SSL issuing fails with Python error "'ascii' codec can't decode byte 0xc3 - ordinal not in range(128)"

mathielo · March 2, 2023, 11:09am

Hello there!

My setup is running the latest version of CyberPanel in CentOS 7:

# From /base/versionManagment
Current Version:  2.3
Build:  3
Current Commit:  71d9109e5912efca917bc574e2207cb5b051b3d7

$ cat /etc/*release
CentOS Linux release 7.9.2009 (Core)

When trying to generate SSL Certificates for mathielo.com via Let’s Encrypt it always ends up with a self-signed certificate as the generation fails at some point apparently in the Python script:

[03.02.2023_10-39-25] Status Code: 200 for: http://www.mathielo.com/.well-known/acme-challenge/mathielo.com
[03.02.2023_10-39-25] Status Code: 200 for: http://mathielo.com/.well-known/acme-challenge/mathielo.com
[03.02.2023_10-39-27] 'ascii' codec can't decode byte 0xc3 in position 18796: ordinal not in range(128) [Failed to obtain SSL. [obtainSSLForADomain]]
[03.02.2023_10-39-27] Self signed SSL issued for mathielo.com.

I tried all suggestions from 1 to 4 in How to fix SSL issues in CyberPanel, but still the issue persists.

Then I tried the suggestion in the “Debugging from command line” section, and it worked! The cert was successfully generated, but not automatically applied to the website. However I still want to understand what’s causing the decoding error and fix it, since it is way more convenient being able to manage certs via the web interface - and also having the automated certificate regeneration.

When researching I found lots of possible issues and their solutions (such as the ones in the article above), but none regarding this specific error. Any clues as to what could be causing it?

josephgodwinke · March 2, 2023, 11:14am

Helo @mathielo

See if this will help Website SSL is self-signed after every month - #2 by josephgodwinke

mathielo · March 13, 2023, 10:44am

Thanks for the link - and sorry I didn’t reply sooner.

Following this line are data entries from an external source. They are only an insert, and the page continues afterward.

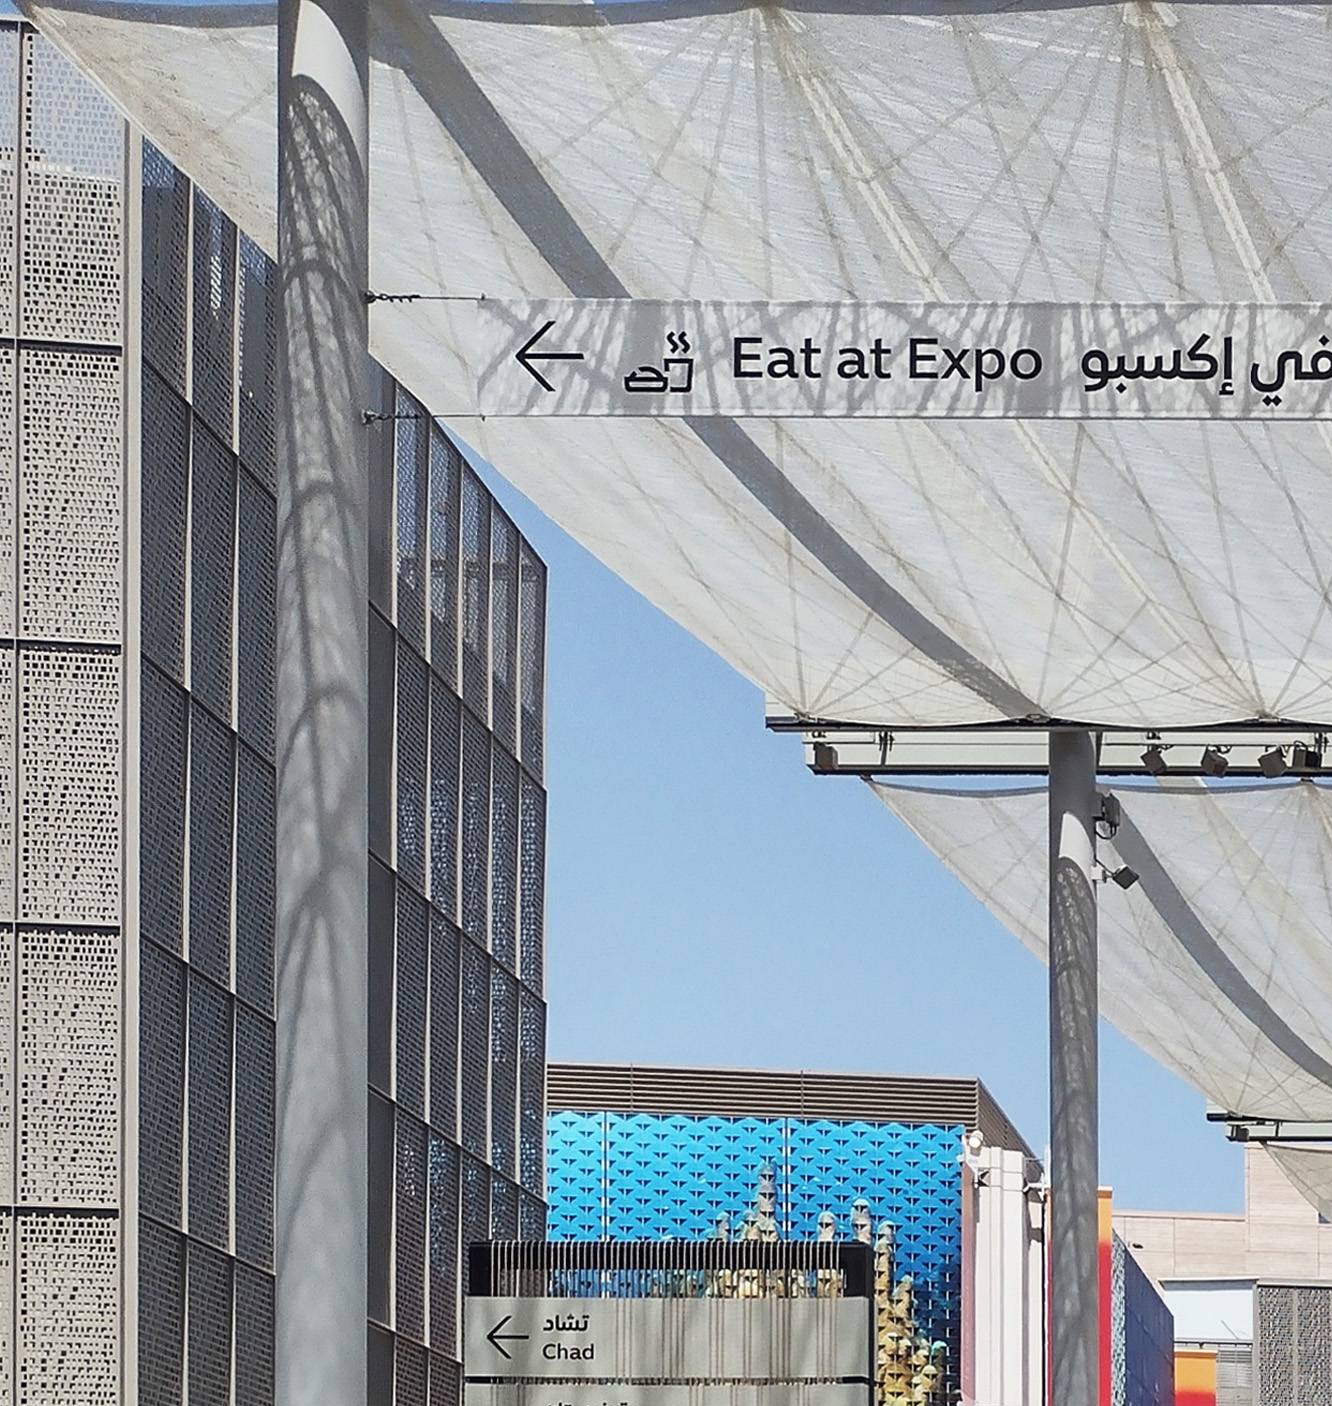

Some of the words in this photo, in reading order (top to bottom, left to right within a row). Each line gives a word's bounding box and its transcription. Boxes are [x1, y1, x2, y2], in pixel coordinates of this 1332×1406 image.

[734, 336, 820, 379] Eat
[836, 341, 889, 379] at
[908, 336, 1043, 391] Expo
[1081, 336, 1233, 396] إكسبو
[543, 1315, 588, 1331] تشاد
[543, 1343, 594, 1360] Chad
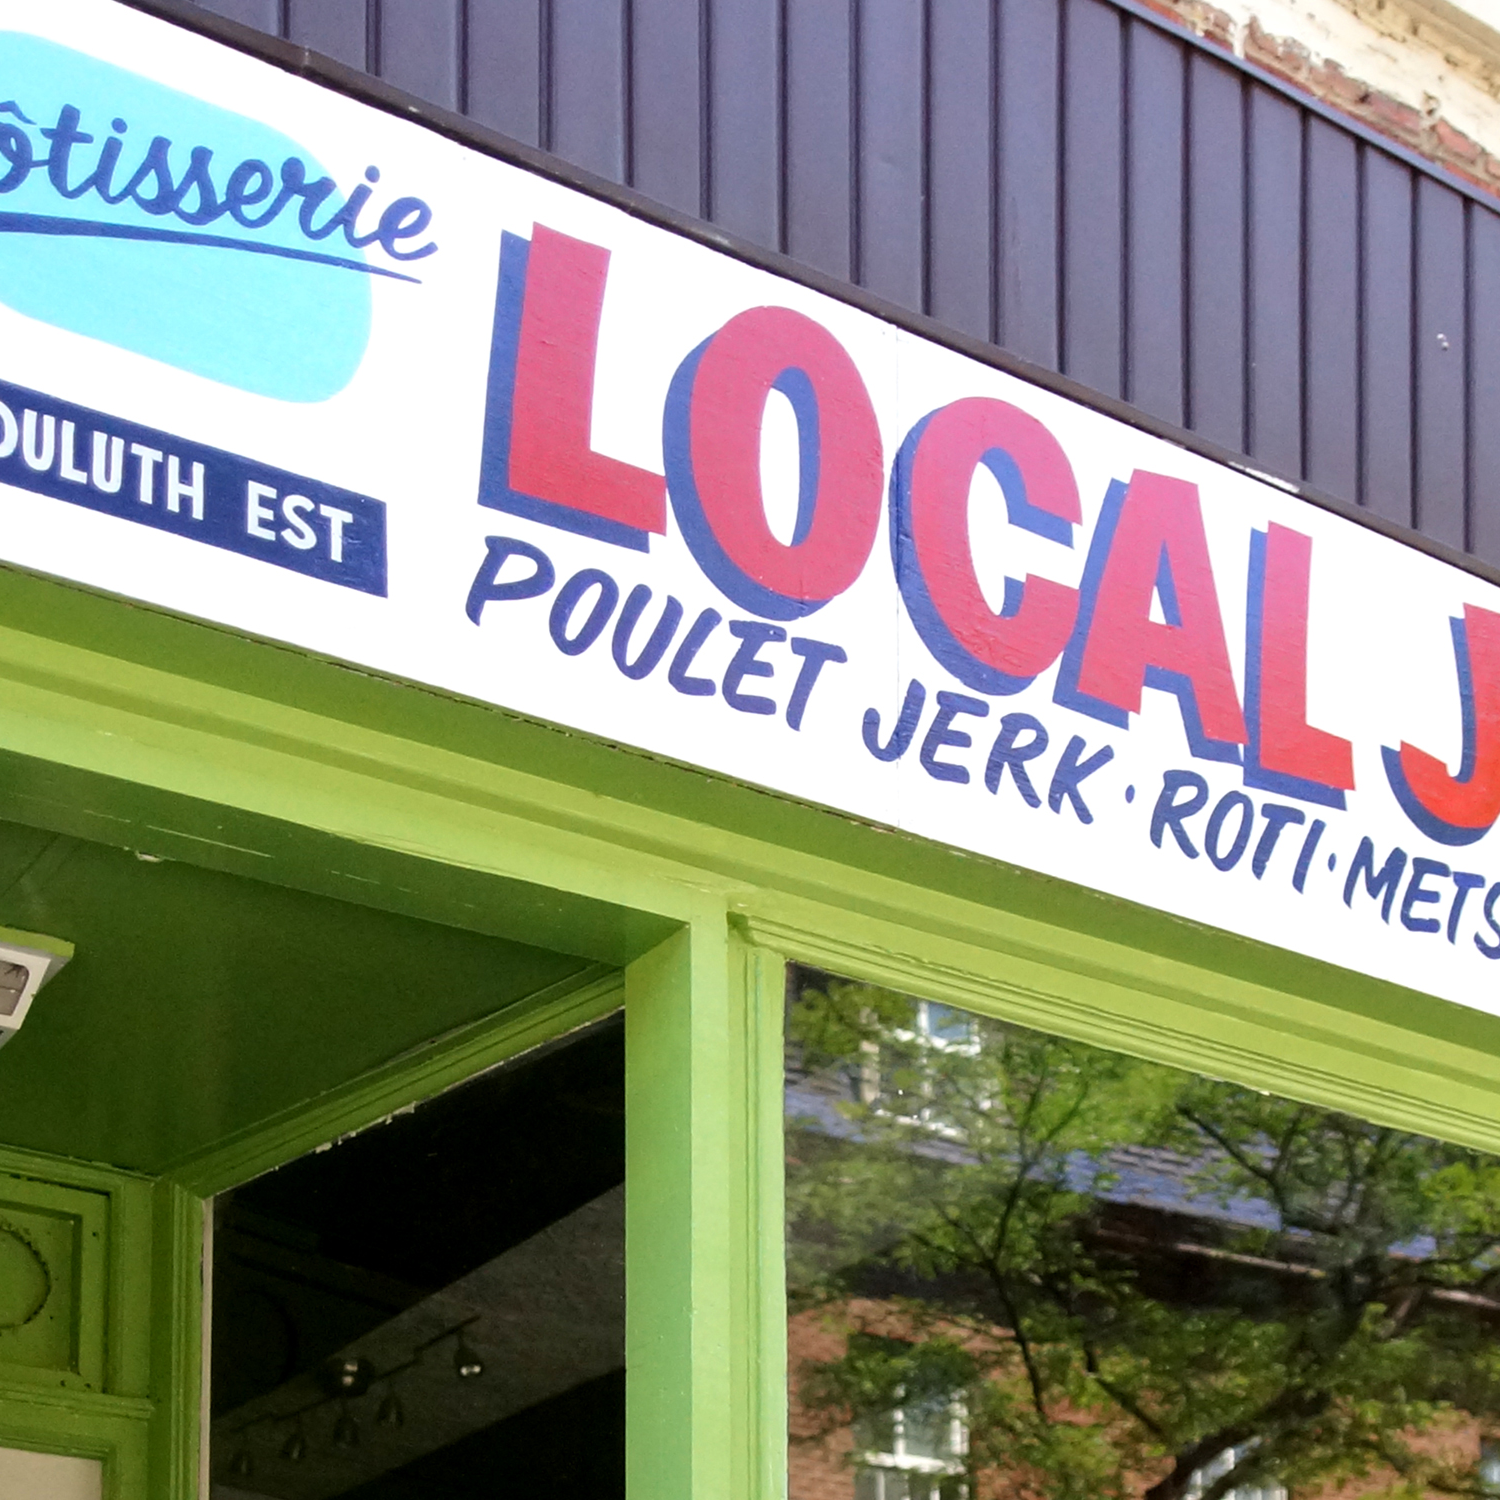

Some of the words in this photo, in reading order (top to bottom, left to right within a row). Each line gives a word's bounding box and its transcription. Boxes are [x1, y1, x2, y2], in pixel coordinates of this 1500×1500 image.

[245, 481, 354, 564] EST
[477, 221, 1356, 811] LOCAL
[465, 535, 848, 732] POULET
[862, 679, 1115, 825] JERK
[1149, 769, 1328, 894] ROTI

Following the proposed suggestion, logging into LiteSpeed, manually re-generating the certificates with /root/.acme.sh/acme.sh command and restarting LiteSpeed did the trick.

However I had to do the manual fix for each and every one of the websites hosted in the server - and will have to do again when it’s time to renew the certificates again.

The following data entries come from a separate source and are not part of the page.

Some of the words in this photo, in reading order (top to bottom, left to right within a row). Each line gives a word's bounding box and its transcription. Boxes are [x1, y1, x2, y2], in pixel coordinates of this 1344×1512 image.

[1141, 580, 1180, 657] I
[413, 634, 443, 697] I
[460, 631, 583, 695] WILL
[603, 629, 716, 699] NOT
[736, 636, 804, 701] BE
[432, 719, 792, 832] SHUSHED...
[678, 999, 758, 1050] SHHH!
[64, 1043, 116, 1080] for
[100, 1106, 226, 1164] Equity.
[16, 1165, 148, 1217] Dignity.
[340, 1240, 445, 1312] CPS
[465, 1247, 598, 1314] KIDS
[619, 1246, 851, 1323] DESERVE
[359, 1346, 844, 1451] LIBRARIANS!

I was hoping there would be a way to debug what’s going wrong in the python code that is supposed to auto generate and apply the SSL certificates via CyberPanel without the need of the extra manual steps for each website

josephgodwinke · March 13, 2023, 11:02am

Are you running the latest version of cyberpanel ?

mathielo · March 13, 2023, 11:06am

Yes, as mentioned in the OP everything is running at their latest versions I made sure to check before posting.

die2mrw007 · March 27, 2023, 5:57am

Are your domains behind cloudflare proxy by any chance? Have you tried turning off the orange cloud proxy icon for your domain and see if it successfully issues valid ssl?

mathielo · March 27, 2023, 7:54am

No, they are not behind CloudFlare

die2mrw007 · March 27, 2023, 8:45am

Just try to downgrade the python version on your server and see if that resolves it. It seems some unicode encoding issue.

There are major changes in python 2 and python 3…so maybe its failing.

Technically it needs to be fixed from cyberpanel side code once we confirm what exactly is triggering this issue. But as a workaround for now, you can try to downgrade if your server has python3 installed or upgrade to python3 if the server is having python2 installed.

I am currently using ubuntu 22 in production and there I didnt face this mentioned issue.